DATA EXCERPTS:

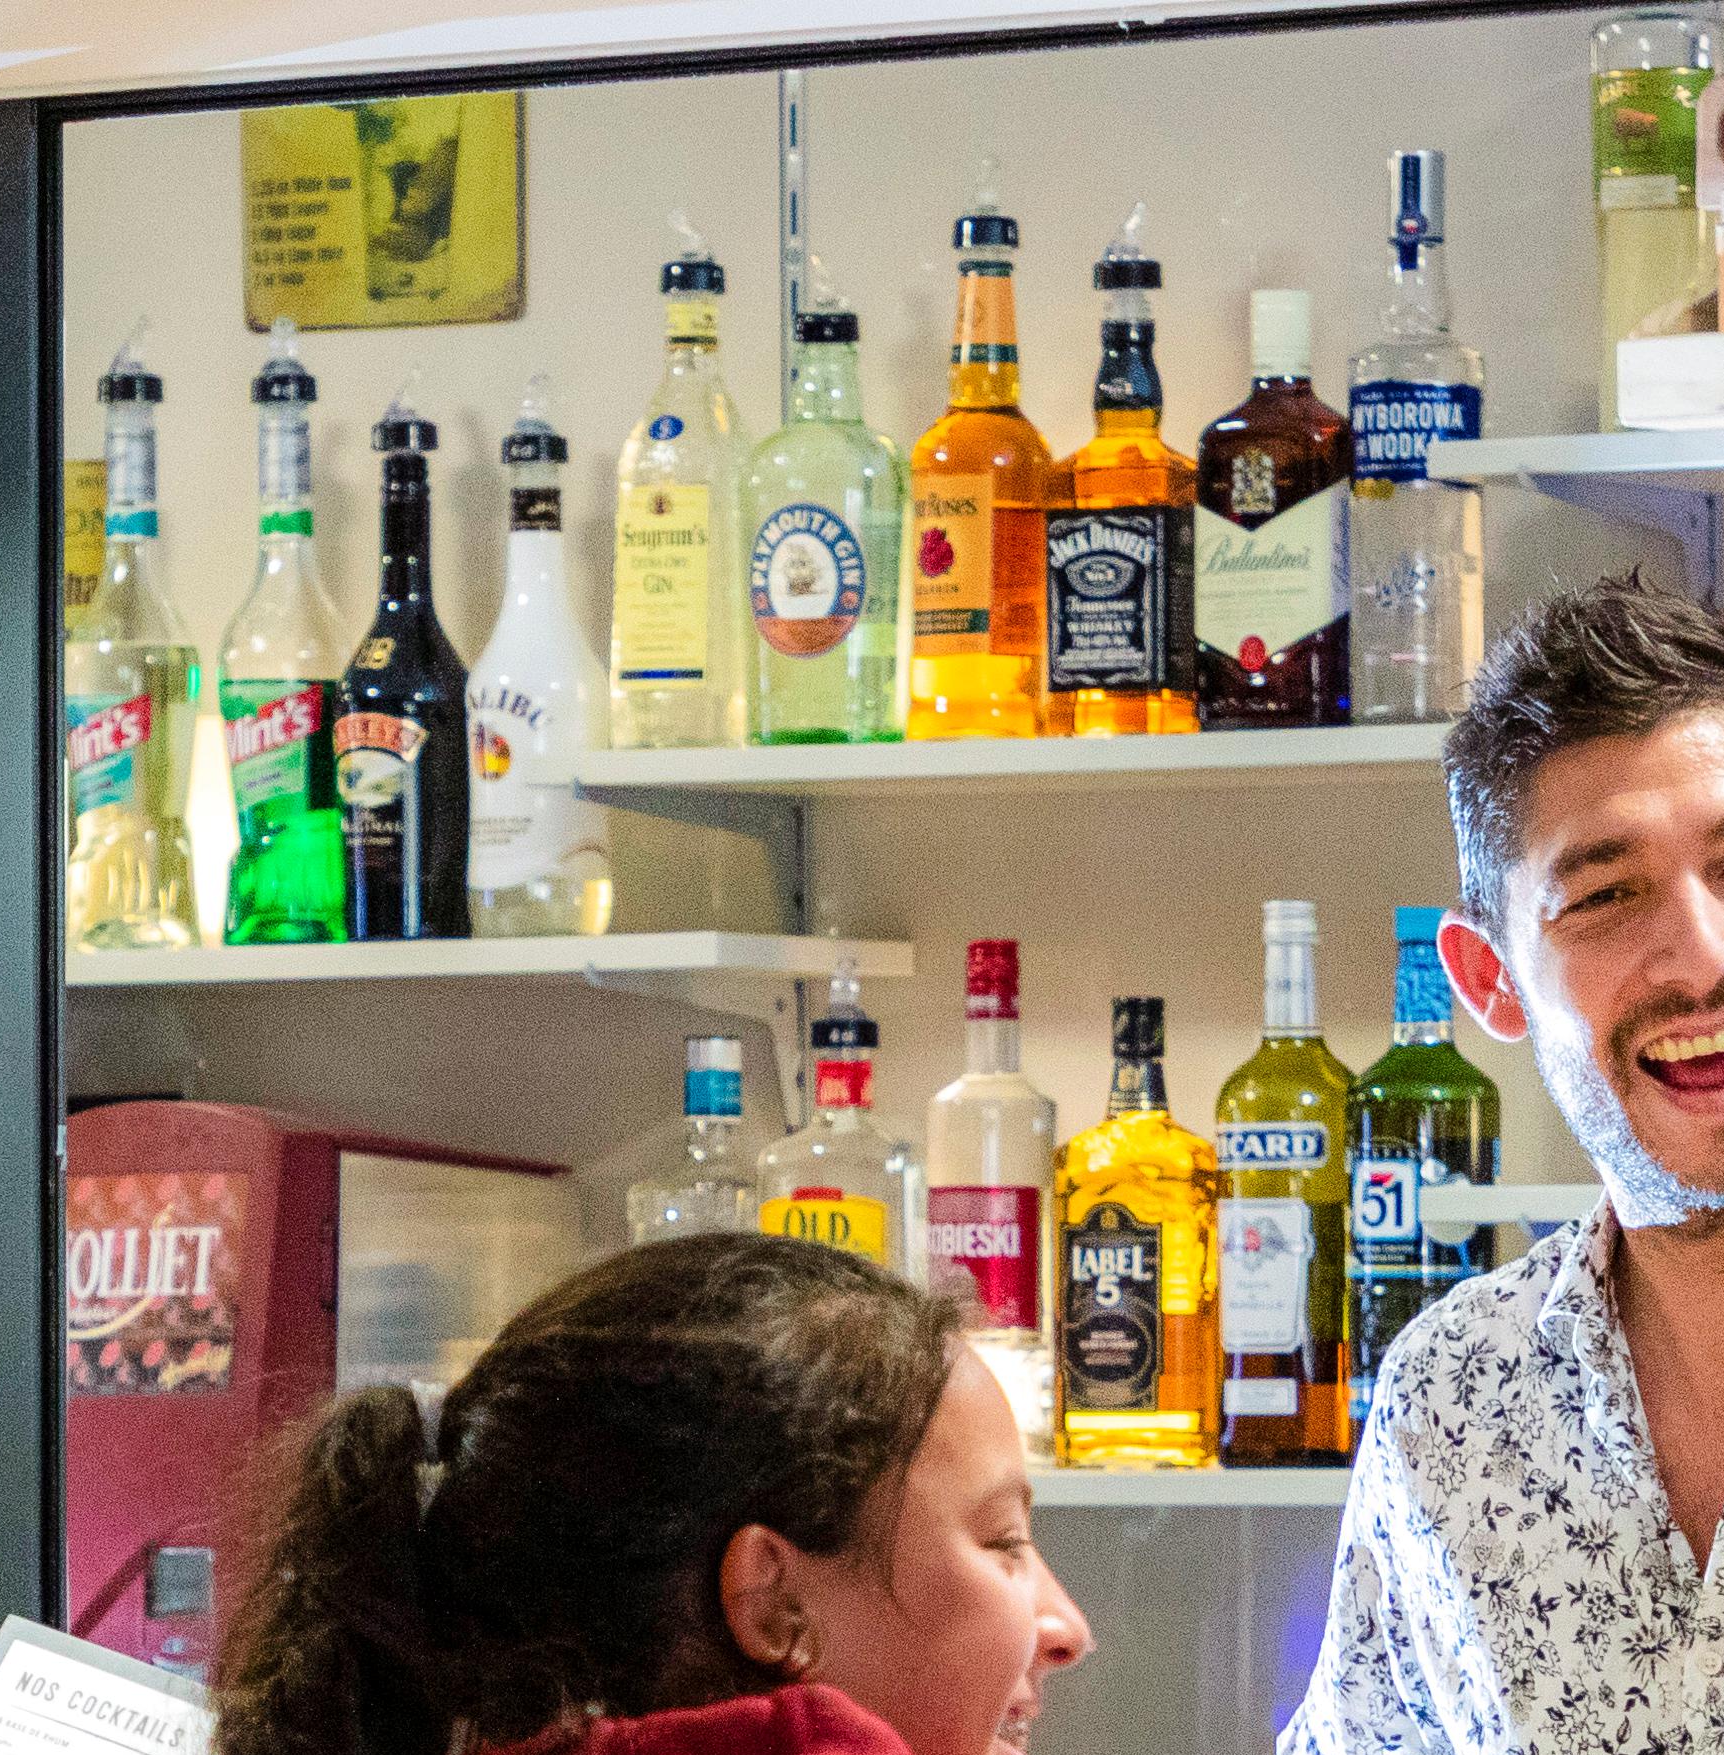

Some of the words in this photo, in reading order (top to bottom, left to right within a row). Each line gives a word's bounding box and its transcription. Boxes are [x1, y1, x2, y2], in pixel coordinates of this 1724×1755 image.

[1352, 403, 1465, 431] WYBOROWA
[752, 510, 841, 587] PLYMOUTH
[1218, 1133, 1319, 1158] ICARD
[1362, 1180, 1404, 1228] 51
[928, 1223, 1021, 1258] OBIESKI
[66, 1223, 221, 1300] OLLIET
[1072, 1245, 1149, 1281] LABEL
[1095, 1276, 1122, 1307] 5
[15, 1671, 60, 1702] NOS
[67, 1690, 185, 1748] COCKTAILS

DESCRIPTION OF THE TASK: None of the pictures belong in the copy; repeat all other material exactly.

TASK RESULT:
Some of the words in this photo, in reading order (top to bottom, left to right within a row). Each line gives a word's bounding box and its transcription. Boxes are [x1, y1, x2, y2], in pixel coordinates of this 1724×1755 image.

[1352, 403, 1465, 431] WYBOROWA
[752, 510, 841, 587] PLYMOUTH
[1218, 1133, 1319, 1158] ICARD
[1362, 1180, 1404, 1228] 51
[928, 1223, 1021, 1258] OBIESKI
[66, 1223, 221, 1300] OLLIET
[1072, 1245, 1149, 1281] LABEL
[1095, 1276, 1122, 1307] 5
[15, 1671, 60, 1702] NOS
[67, 1690, 185, 1748] COCKTAILS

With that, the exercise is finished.